Historical Perspective
WNV was first isolated in 1937 in Uganda from a hospitalized patient who presented with isolated fever. Between 1950 and 1960, small villages in the Mediterranean basin had repeated outbreaks, especially in Israel and Egypt. These epidemics allowed researchers to study the molecular and clinical features of the disease and further understand its mode of transmission and natural history. Several WNV outbreaks were recorded in the second half of the 20th century in Europe, Middle East, Far East, and Africa. It was not until 1999 when the first WNV outbreak was documented in USA, making WNV a worldwide infection. Perhaps the most severe outbreak documented was in 2002 in USA, recording the highest number of meningoencephalitis from a single WNV outbreak. The first description of a person-to-person transmission was reported in 2002 among patients with blood transfusions and tissue transplantation.
Causes
WNV is an enveloped positive-sense ssRNA of 11000 base pairs (bp) that is considered a member of the Japanese encephalitis serocomplex. It belongs to the genus Flavivirus and family Flaviviridae. Its RNA encodes structural and non-structural proteins. Although 7 lineages of WNV have been described, only lineage 1 and 2 are clinically significant. The viral natural reservoir includes many species, such as humans, horses, dogs, and cats; but the main natural reservoir is birds.
Pathophysiology
Epidemiology & Demographics
Risk Factors
Certain factors may increase the risk of infection with WNV by a mosquito bite, such as warm temperatures, extensive outdoor exposure, homelessness, and absence of window screens.
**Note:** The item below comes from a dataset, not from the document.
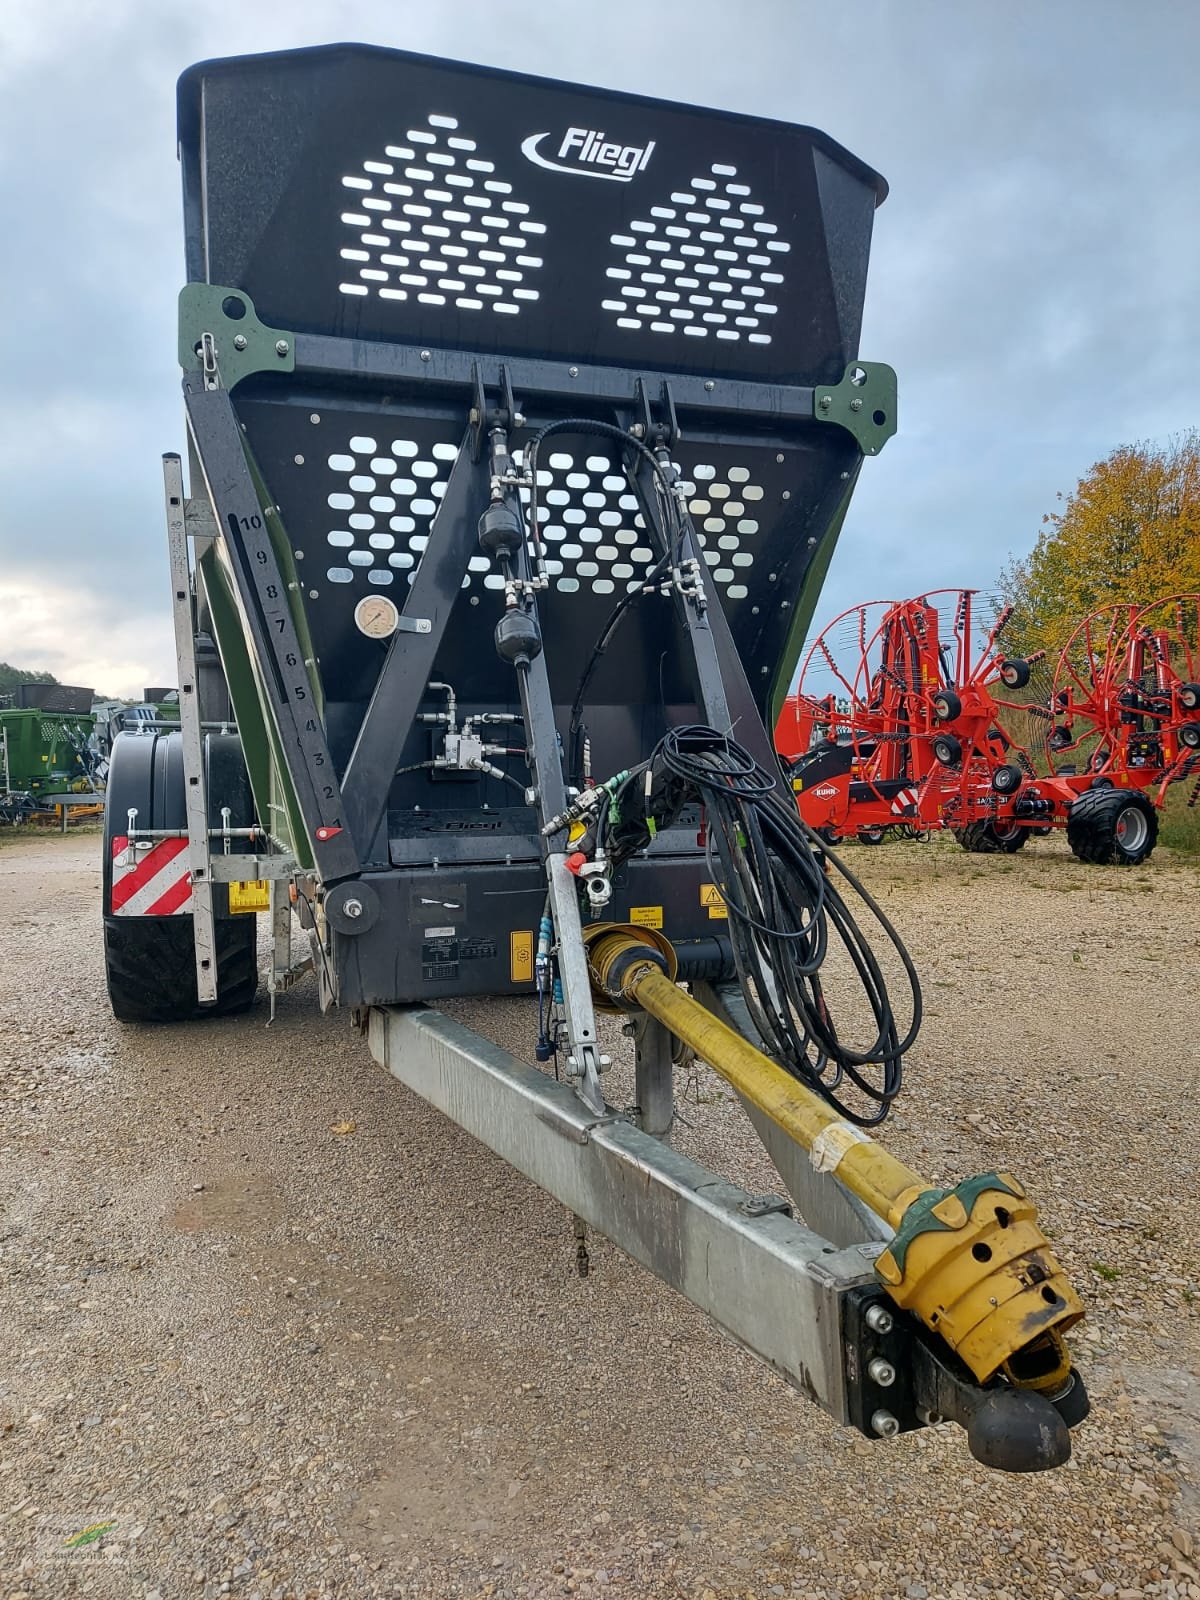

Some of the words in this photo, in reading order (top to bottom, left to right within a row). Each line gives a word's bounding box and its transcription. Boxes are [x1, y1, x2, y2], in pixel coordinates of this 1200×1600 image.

Occupational risk factors include in-field occupations, such as agriculture. Severe clinical disease is often associated with advanced age, immunosuppression, malignancy, diabetes mellitus, hypertension, and renal disease. An increased risk of death is observed among immunosuppressed patients and those presenting with altered level of consciousness. Certain conditions such as encephalitis, advanced cardiovascular disease, and hepatitis C virus may also carry an increased risk of death among patients infected with WNV.
Screening
Universal screening for West Nile virus is not recommended. As bloodand transplant-related transmission of the virus has been reported, nucleic acid tests (NAT) may be used to screening for WNV among potential blood and solid organ donors. In blood donation, individual screening is not recommended. Instead, a "minipool" nucleic acid testing program (MP NAT) is implemented. Positive pools warrant further investigation for individuals. Patients with positive NAT may not donate blood or solid organs for at least 120 days. Re-testing after 120 days is indicated.